Starting a Business in Alaska

Step 1: Choose a Business Idea

The crucial first question is, what sort of business would you like to run? You may have several ideas in your head, or maybe you haven’t gotten that far. Either way, it’s wise to look closely at the state itself and at your own abilities to best determine which areas might offer the most opportunity. 

To develop a business idea, you could:

  1. Look for market gaps or problems that need solving. Maybe your neighborhood lacks a good cafe, or the state’s farm industry needs modernization.  
  2. Follow your passion. What do you love? What are you great at? 
  3. Look at what’s trending in Alaska and which industries are key to its economy. Oil and gas represent about 80% of the state’s GDP, so any business related to those sectors has a good chance to succeed. Other strong industries include tourism and leisure, mining and manufacturing.

Check out our guides to different business ideas if you need further inspiration.

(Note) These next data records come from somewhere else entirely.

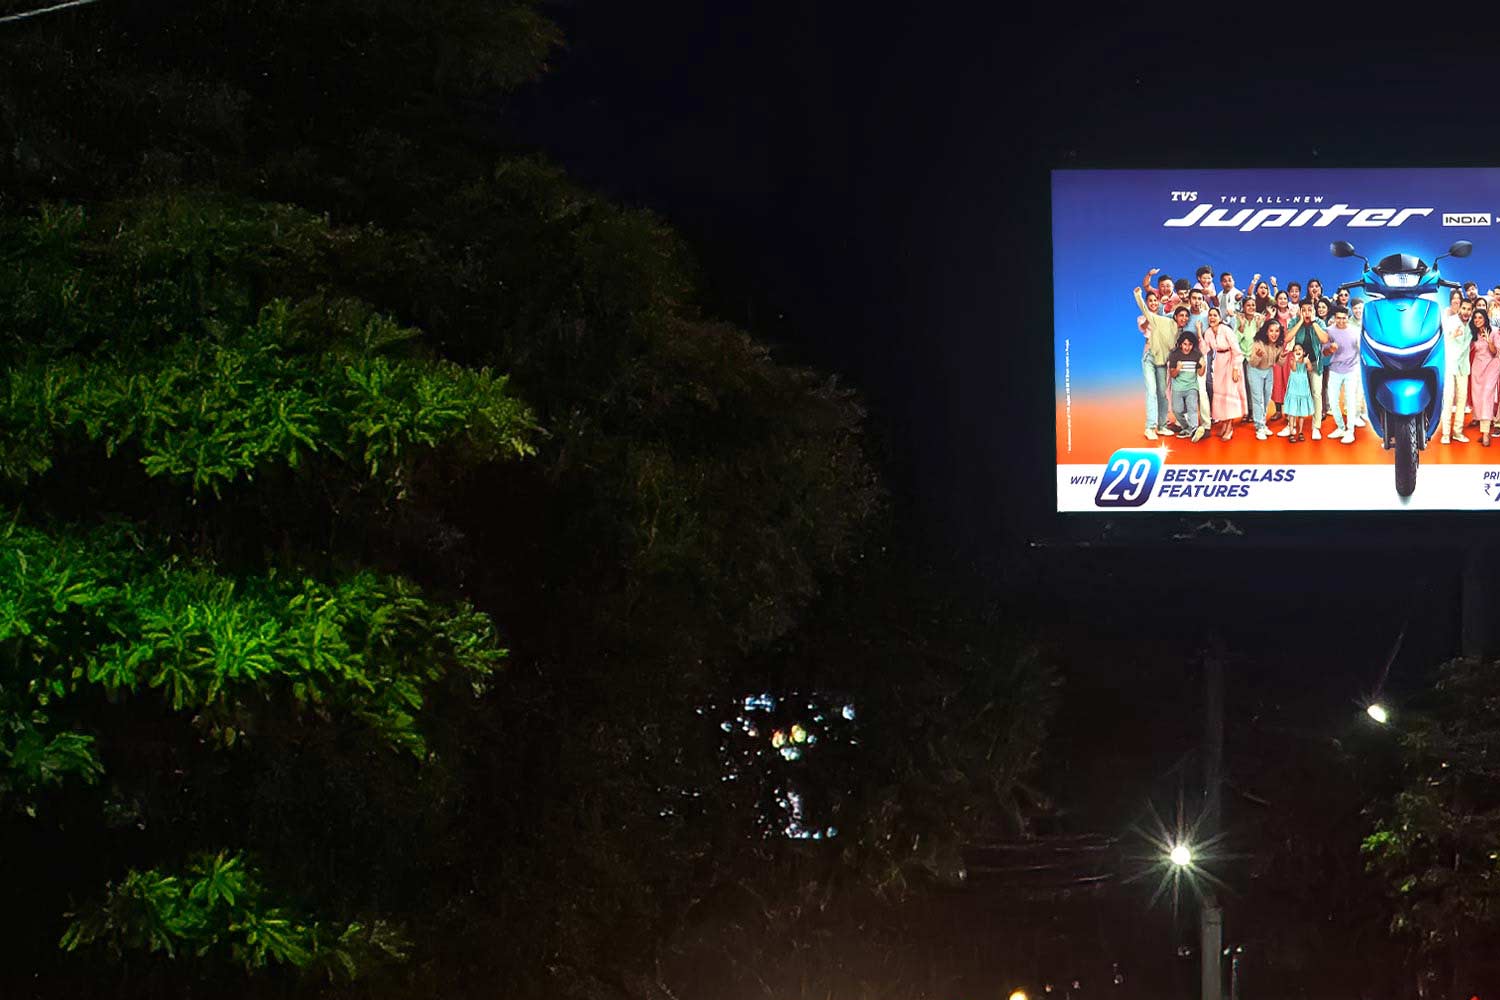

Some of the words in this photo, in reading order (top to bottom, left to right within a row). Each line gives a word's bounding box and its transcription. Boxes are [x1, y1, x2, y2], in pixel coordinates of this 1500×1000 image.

[1170, 191, 1198, 202] TVS
[1220, 196, 1247, 204] THE
[1256, 195, 1324, 204] ALL-NEW
[1445, 215, 1488, 225] INDIA
[1070, 475, 1098, 485] WITH
[1100, 458, 1152, 501] 29
[1162, 469, 1296, 482] BEST-IN-CLASS
[1157, 484, 1251, 498] FEATURES
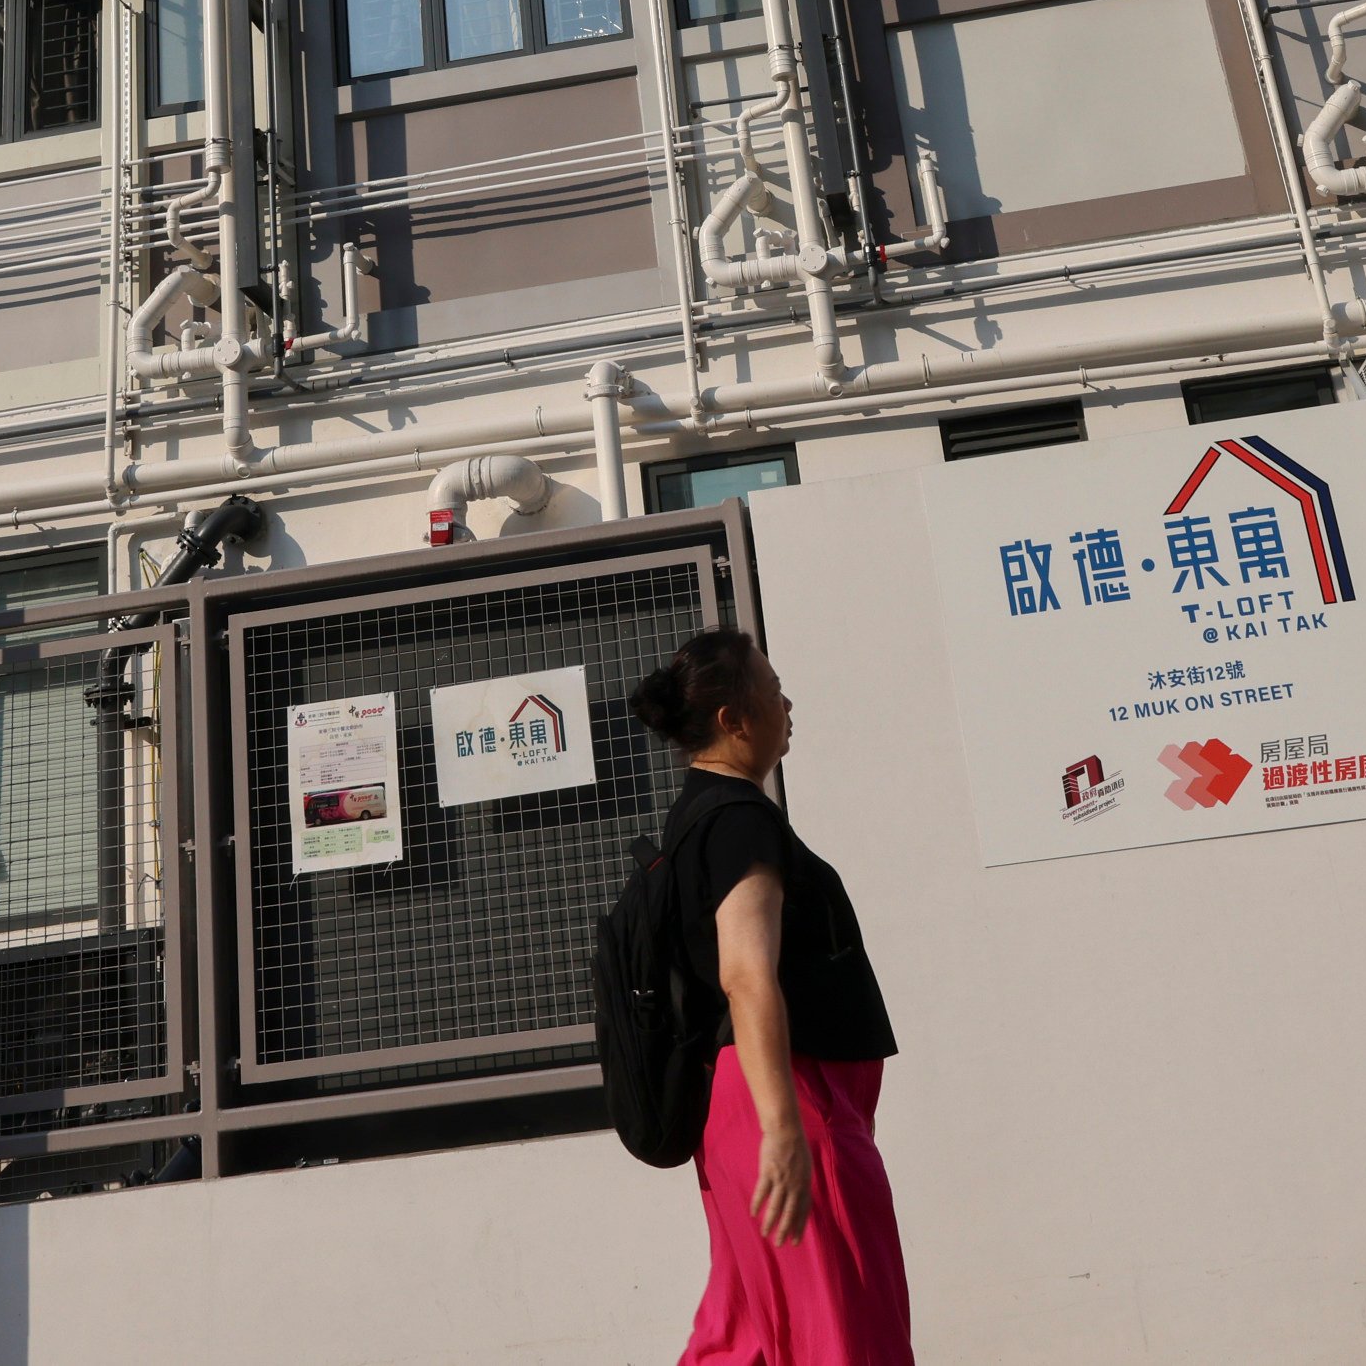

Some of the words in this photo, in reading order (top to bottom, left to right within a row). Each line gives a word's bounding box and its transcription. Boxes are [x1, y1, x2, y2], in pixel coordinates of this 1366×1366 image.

[1181, 591, 1294, 623] T-LOFT
[1226, 621, 1267, 641] KAI
[1277, 612, 1328, 633] TAK
[1147, 660, 1246, 691] 沐安街12號
[1109, 706, 1129, 721] 12
[1134, 699, 1180, 719] MUK
[1185, 694, 1214, 711] ON
[1221, 684, 1293, 706] STREET
[511, 748, 548, 760] T-LOFT
[1260, 734, 1329, 763] 房屋局

Once you have a few ideas in mind, do some homework to decide if your ideas are feasible. Here are some things to consider when choosing a business idea:

  • Capital requirements – How much will you need? Do you have access to funds?
  • Time requirements – How long will it take for you to start selling?
  • Industry trends –  Is the industry growing or shrinking? 
  • Profit potential – How much money can you realistically make?
  • Lifestyle factors – Running a business is hard work. Are you ready?

Step 2: Hone Your Idea

First, consider the viability of the business idea you have in mind. Here are three questions to consider:

  • Is there an opportunity in the market?
  • Will your idea provide value to customers? 
  • Will people want to buy it? 

Starting a business requires investment, so it’s unwise to just assume profitability. Make it a point to conduct research and ask people you know and trust what they think of your idea.

Alaska’s economic development website offers a wealth of business resources.

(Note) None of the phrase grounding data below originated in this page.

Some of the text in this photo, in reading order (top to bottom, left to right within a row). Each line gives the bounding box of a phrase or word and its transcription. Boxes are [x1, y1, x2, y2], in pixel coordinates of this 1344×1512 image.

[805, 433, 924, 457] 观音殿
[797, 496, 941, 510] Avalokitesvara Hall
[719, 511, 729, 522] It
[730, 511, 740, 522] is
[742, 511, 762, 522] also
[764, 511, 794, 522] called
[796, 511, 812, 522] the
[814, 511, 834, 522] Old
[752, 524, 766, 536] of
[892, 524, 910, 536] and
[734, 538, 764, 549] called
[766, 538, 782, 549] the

What? Determine Your Products or Services

The next thing to do is define your offerings. Ask yourself:

  • Which products or services will I sell?
  • How will I offer them: website, physical store/office, or both? 

You may consider offering related products or services to increase purchase sizes and boost overall value for customers. This step is going to define how your business will look to customers and why they will buy, so take your time and be sure. 

How Much Should You Charge? 

Before determining your price list, get to know your competitors. Visit the shops and websites of companies that offer similar products or services — see what they’re selling and at what prices and use this to inform your decisions. 

If you have a direct competitor, it’s a good idea to choose a competitive price point. Run the numbers to find your break-even price, then use this Step By Step profit margin calculator to determine your mark-up and final price point.   

You’ll also need to consider how to position your product. Are you going to offer a lower-priced alternative, a la Walmart, or are you going to position your business as more high-end, like a Pottery Barn or Restoration Hardware? 

Once you’ve locked on a pricing system that works for you, you’ll need to test it to see if this is attractive to your target market.

Who? Identify Your Target Market

Knowing your target market is crucial to successful sales and marketing. This is where customer profiling comes in handy.

The first thing to do is figure out whether you’re selling to consumers or businesses. If you choose consumers, determine which people are most likely to buy, by looking at:

  • Demographics – Age, gender, income, location
  • Psychographics – Attitudes, values, interests, tastes

Knowing your customers will allow you to shape your messaging and know where to place your marketing. For example, based on who your customers are and what they like, are they more likely to be on Facebook or TikTok?

If you are selling to businesses, first determine what kinds of firms will be interested in what you’re offering. Next, figure out the relevant decision-maker within these companies — it may be a VP, IT manager, or head of sales — and adjust your marketing accordingly.

Business idea concept

Step 3: Choose a Business Name

Your business name is your business identity, so choose one that encapsulates your objectives, services, and mission in just a few words. You probably want a name that’s short and easy to remember. 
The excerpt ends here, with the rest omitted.